Give a verbatim copy of the data, leaving the pictures out.

----- Extracted entries -----

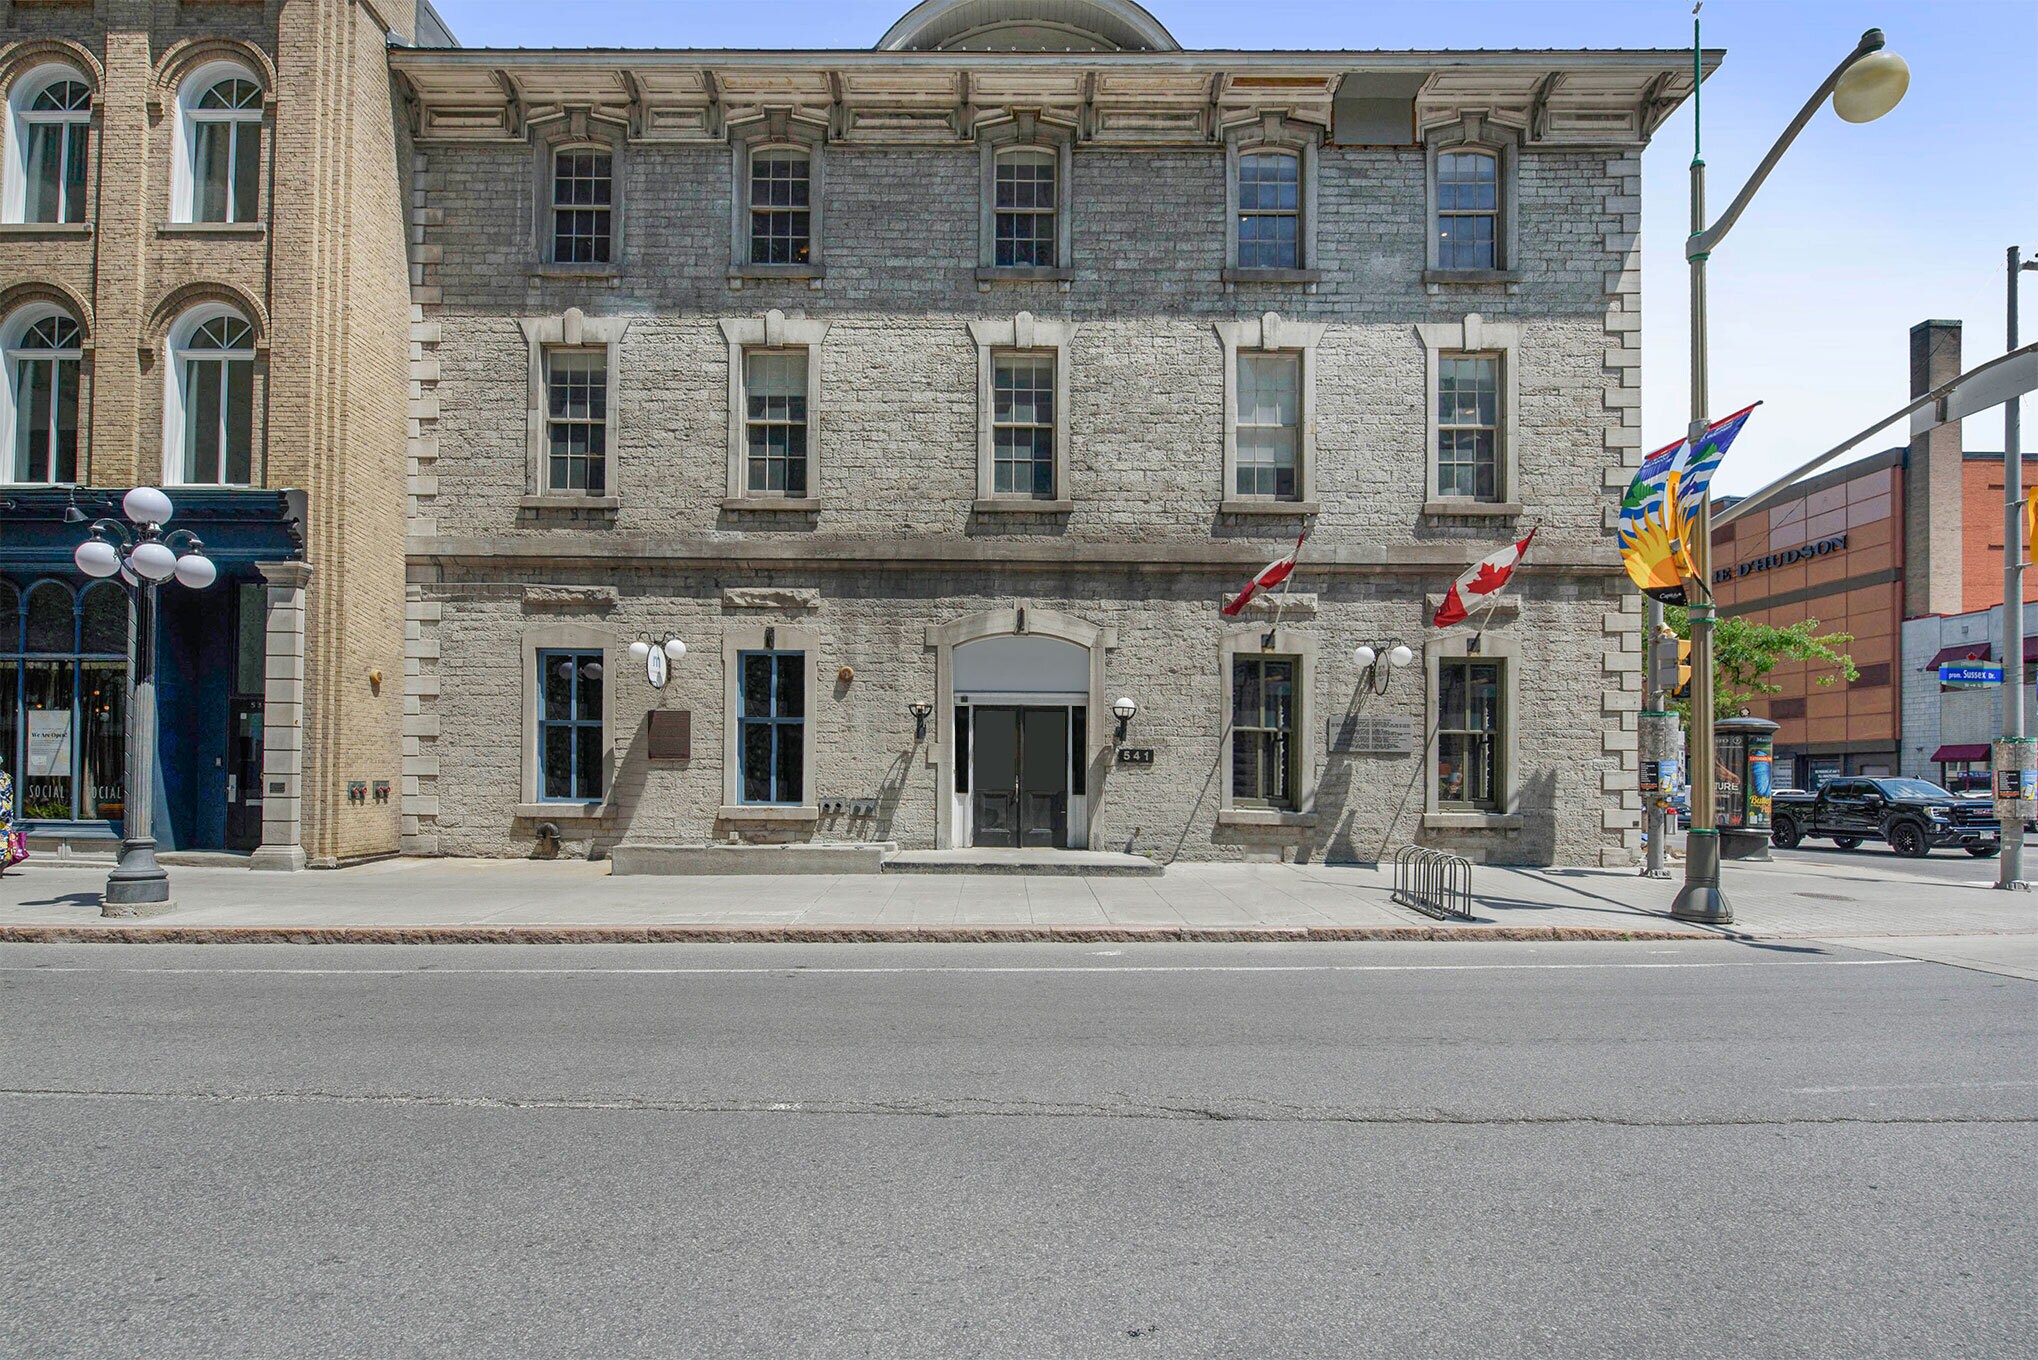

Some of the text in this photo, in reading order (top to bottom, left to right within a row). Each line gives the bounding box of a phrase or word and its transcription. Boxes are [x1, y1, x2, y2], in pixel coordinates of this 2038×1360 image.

[1712, 534, 1848, 583] IE D'HUDSON
[1963, 669, 1987, 679] Sussex
[1123, 750, 1149, 761] 541
[29, 784, 65, 799] SOCIAL
[88, 785, 122, 800] OCIAL
[1714, 782, 1739, 791] TURE
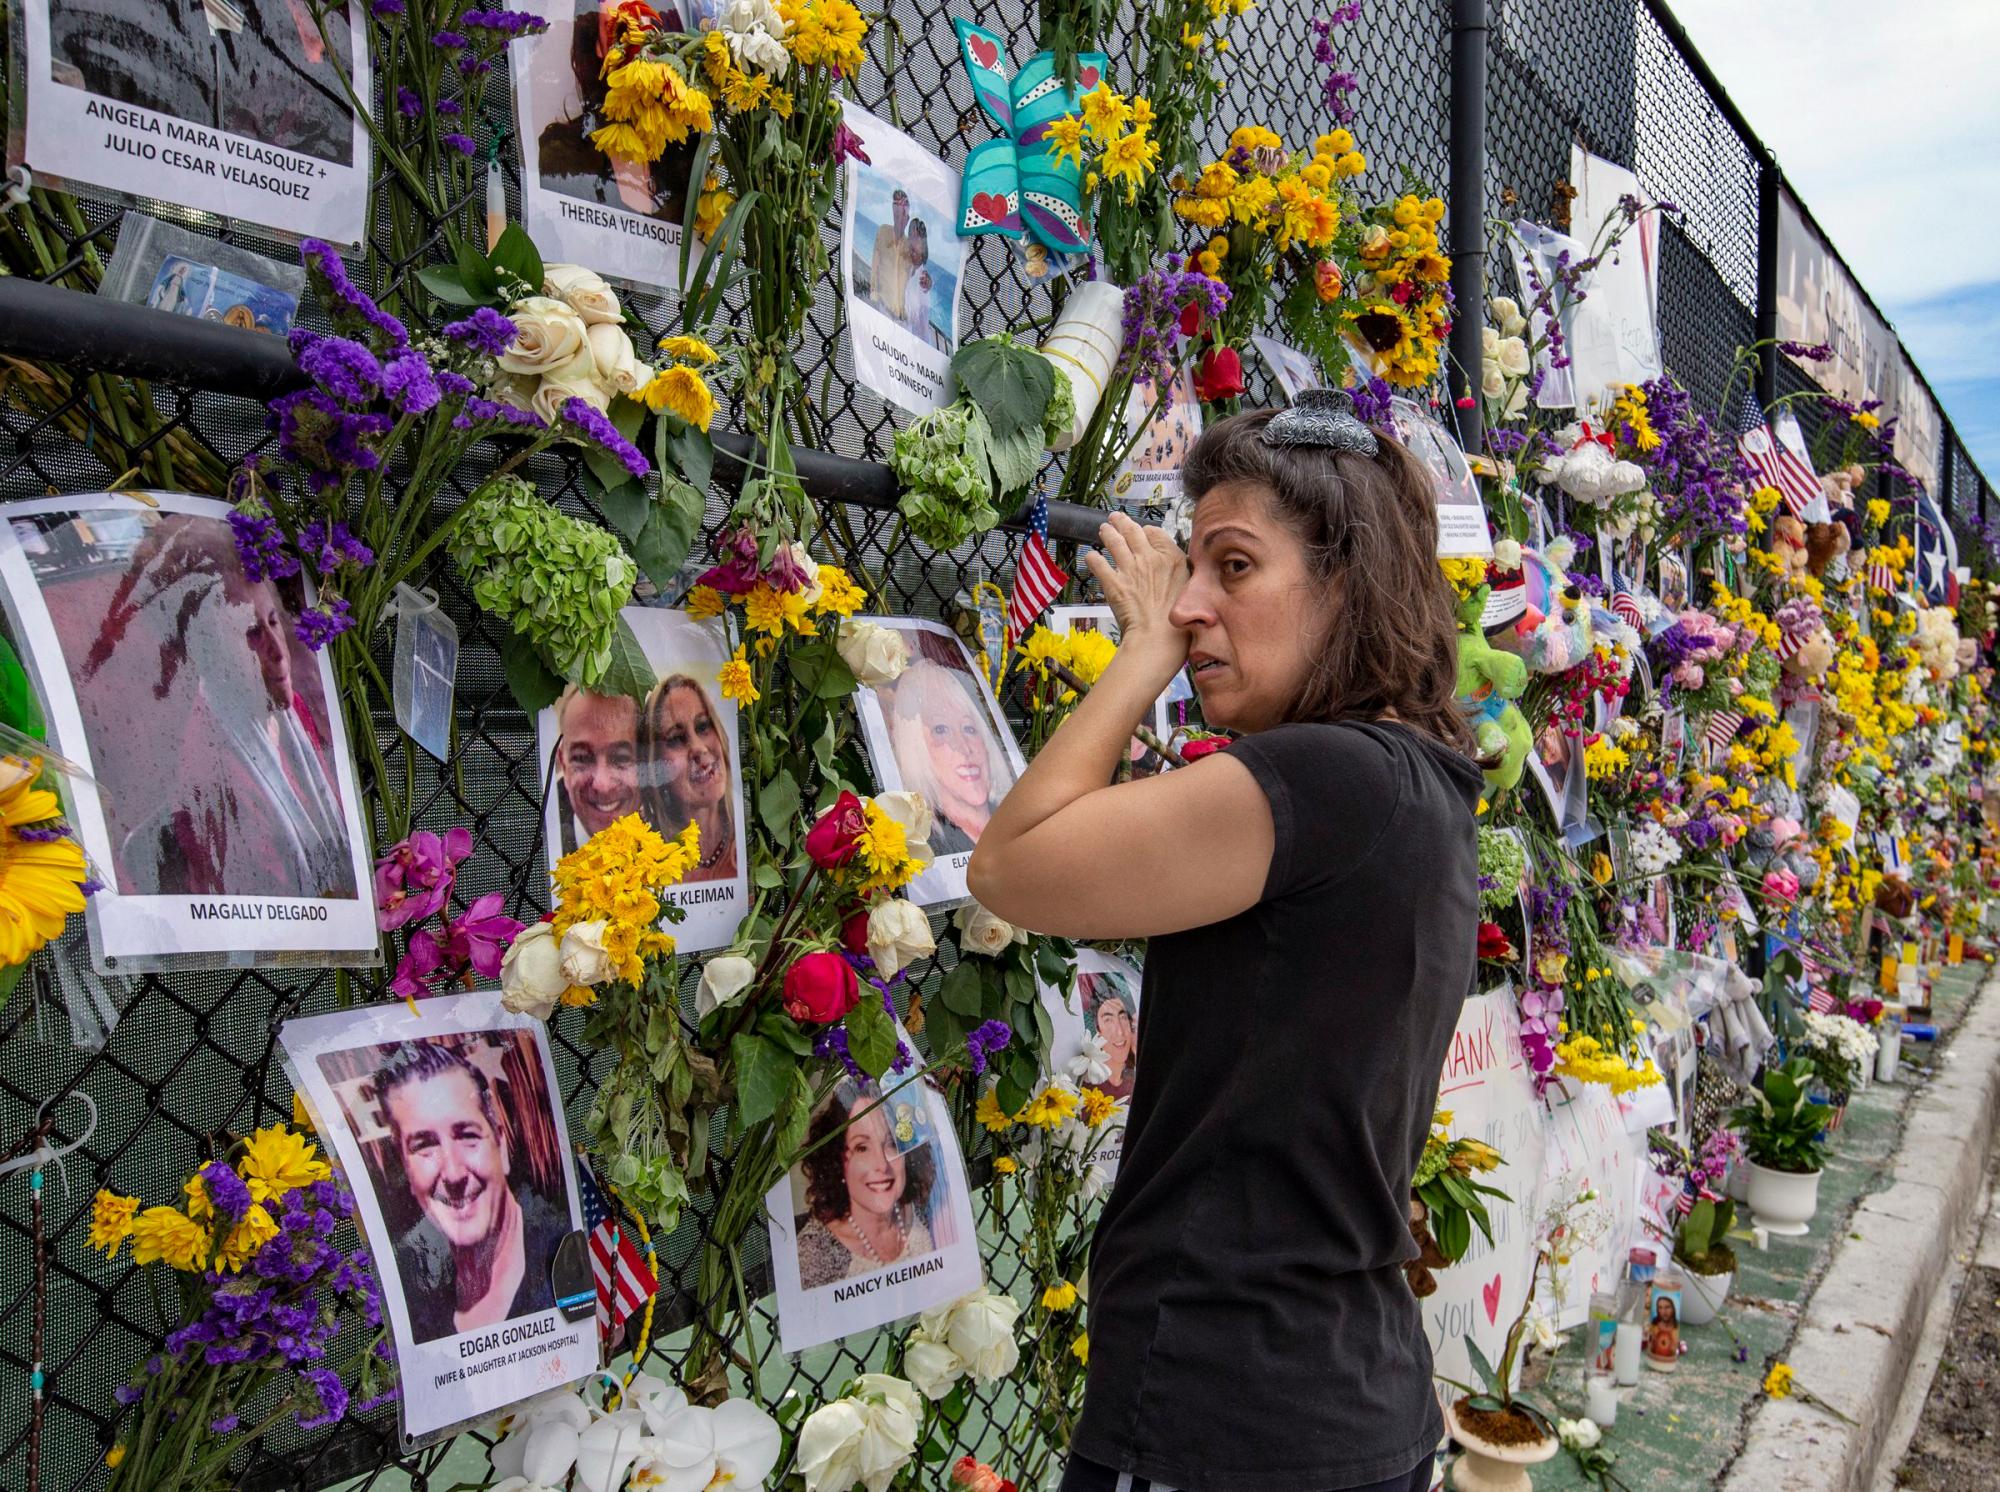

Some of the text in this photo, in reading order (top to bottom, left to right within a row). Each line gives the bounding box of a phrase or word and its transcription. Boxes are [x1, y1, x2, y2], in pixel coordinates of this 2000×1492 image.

-----

§ **Answer area**
Some of the text in this photo, in reading order (top to bottom, left to right within a row). Each line gives the bounding box of a phrase or word and its transcription. Boxes are [x1, y1, x2, y2], in pixel coordinates of this 2038×1360 image.

[1712, 534, 1848, 583] IE D'HUDSON
[1963, 669, 1987, 679] Sussex
[1123, 750, 1149, 761] 541
[29, 784, 65, 799] SOCIAL
[88, 785, 122, 800] OCIAL
[1714, 782, 1739, 791] TURE

Some of the text in this photo, in reading order (top to bottom, left to right within a row). Each line gives the bounding box of a phrase or word and its transcription. Boxes are [x1, y1, x2, y2], in pixel coordinates of this 2000×1492 image.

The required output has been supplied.